■ TASK DESCRIPTION: Repeat the data that follows, keeping every character intact.

Saved data entries:
———

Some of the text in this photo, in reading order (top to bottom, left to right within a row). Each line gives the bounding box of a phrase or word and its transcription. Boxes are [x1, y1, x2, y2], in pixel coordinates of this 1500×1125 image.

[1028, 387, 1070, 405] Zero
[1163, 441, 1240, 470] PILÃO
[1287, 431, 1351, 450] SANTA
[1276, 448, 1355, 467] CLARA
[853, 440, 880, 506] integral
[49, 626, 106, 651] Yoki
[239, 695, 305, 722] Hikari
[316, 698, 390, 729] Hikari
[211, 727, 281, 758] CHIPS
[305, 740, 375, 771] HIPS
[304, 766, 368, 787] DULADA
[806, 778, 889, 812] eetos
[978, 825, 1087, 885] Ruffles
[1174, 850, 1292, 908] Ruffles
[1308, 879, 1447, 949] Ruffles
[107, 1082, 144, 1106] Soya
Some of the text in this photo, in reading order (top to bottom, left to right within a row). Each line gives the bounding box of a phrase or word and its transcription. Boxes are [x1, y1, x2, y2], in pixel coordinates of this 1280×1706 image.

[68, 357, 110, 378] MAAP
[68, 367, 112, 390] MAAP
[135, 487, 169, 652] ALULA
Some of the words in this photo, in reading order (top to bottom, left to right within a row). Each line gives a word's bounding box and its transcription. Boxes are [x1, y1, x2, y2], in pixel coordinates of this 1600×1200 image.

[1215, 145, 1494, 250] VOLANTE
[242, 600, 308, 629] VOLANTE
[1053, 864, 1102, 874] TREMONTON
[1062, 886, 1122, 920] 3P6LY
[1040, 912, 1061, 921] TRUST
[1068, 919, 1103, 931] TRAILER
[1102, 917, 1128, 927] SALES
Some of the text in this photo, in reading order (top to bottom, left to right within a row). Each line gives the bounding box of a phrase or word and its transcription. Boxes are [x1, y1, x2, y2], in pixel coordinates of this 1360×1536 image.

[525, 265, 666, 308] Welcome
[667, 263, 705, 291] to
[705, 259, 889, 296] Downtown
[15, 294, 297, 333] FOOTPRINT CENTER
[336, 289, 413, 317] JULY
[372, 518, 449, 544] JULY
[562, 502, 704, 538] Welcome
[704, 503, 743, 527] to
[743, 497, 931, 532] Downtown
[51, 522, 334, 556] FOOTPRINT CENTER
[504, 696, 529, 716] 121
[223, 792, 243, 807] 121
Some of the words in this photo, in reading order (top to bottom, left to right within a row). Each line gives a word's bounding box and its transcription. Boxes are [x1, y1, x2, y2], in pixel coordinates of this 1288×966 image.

———

■ EXERCISE RESULT:
Some of the text in this photo, in reading order (top to bottom, left to right within a row). Each line gives the bounding box of a phrase or word and its transcription. Boxes are [x1, y1, x2, y2], in pixel coordinates of this 1500×1125 image.

[1028, 387, 1070, 405] Zero
[1163, 441, 1240, 470] PILÃO
[1287, 431, 1351, 450] SANTA
[1276, 448, 1355, 467] CLARA
[853, 440, 880, 506] integral
[49, 626, 106, 651] Yoki
[239, 695, 305, 722] Hikari
[316, 698, 390, 729] Hikari
[211, 727, 281, 758] CHIPS
[305, 740, 375, 771] HIPS
[304, 766, 368, 787] DULADA
[806, 778, 889, 812] eetos
[978, 825, 1087, 885] Ruffles
[1174, 850, 1292, 908] Ruffles
[1308, 879, 1447, 949] Ruffles
[107, 1082, 144, 1106] Soya
Some of the text in this photo, in reading order (top to bottom, left to right within a row). Each line gives the bounding box of a phrase or word and its transcription. Boxes are [x1, y1, x2, y2], in pixel coordinates of this 1280×1706 image.

[68, 357, 110, 378] MAAP
[68, 367, 112, 390] MAAP
[135, 487, 169, 652] ALULA
Some of the words in this photo, in reading order (top to bottom, left to right within a row). Each line gives a word's bounding box and its transcription. Boxes are [x1, y1, x2, y2], in pixel coordinates of this 1600×1200 image.

[1215, 145, 1494, 250] VOLANTE
[242, 600, 308, 629] VOLANTE
[1053, 864, 1102, 874] TREMONTON
[1062, 886, 1122, 920] 3P6LY
[1040, 912, 1061, 921] TRUST
[1068, 919, 1103, 931] TRAILER
[1102, 917, 1128, 927] SALES
Some of the text in this photo, in reading order (top to bottom, left to right within a row). Each line gives the bounding box of a phrase or word and its transcription. Boxes are [x1, y1, x2, y2], in pixel coordinates of this 1360×1536 image.

[525, 265, 666, 308] Welcome
[667, 263, 705, 291] to
[705, 259, 889, 296] Downtown
[15, 294, 297, 333] FOOTPRINT CENTER
[336, 289, 413, 317] JULY
[372, 518, 449, 544] JULY
[562, 502, 704, 538] Welcome
[704, 503, 743, 527] to
[743, 497, 931, 532] Downtown
[51, 522, 334, 556] FOOTPRINT CENTER
[504, 696, 529, 716] 121
[223, 792, 243, 807] 121
Some of the words in this photo, in reading order (top to bottom, left to right within a row). Each line gives a word's bounding box and its transcription. Boxes are [x1, y1, x2, y2], in pixel coordinates of this 1288×966 image.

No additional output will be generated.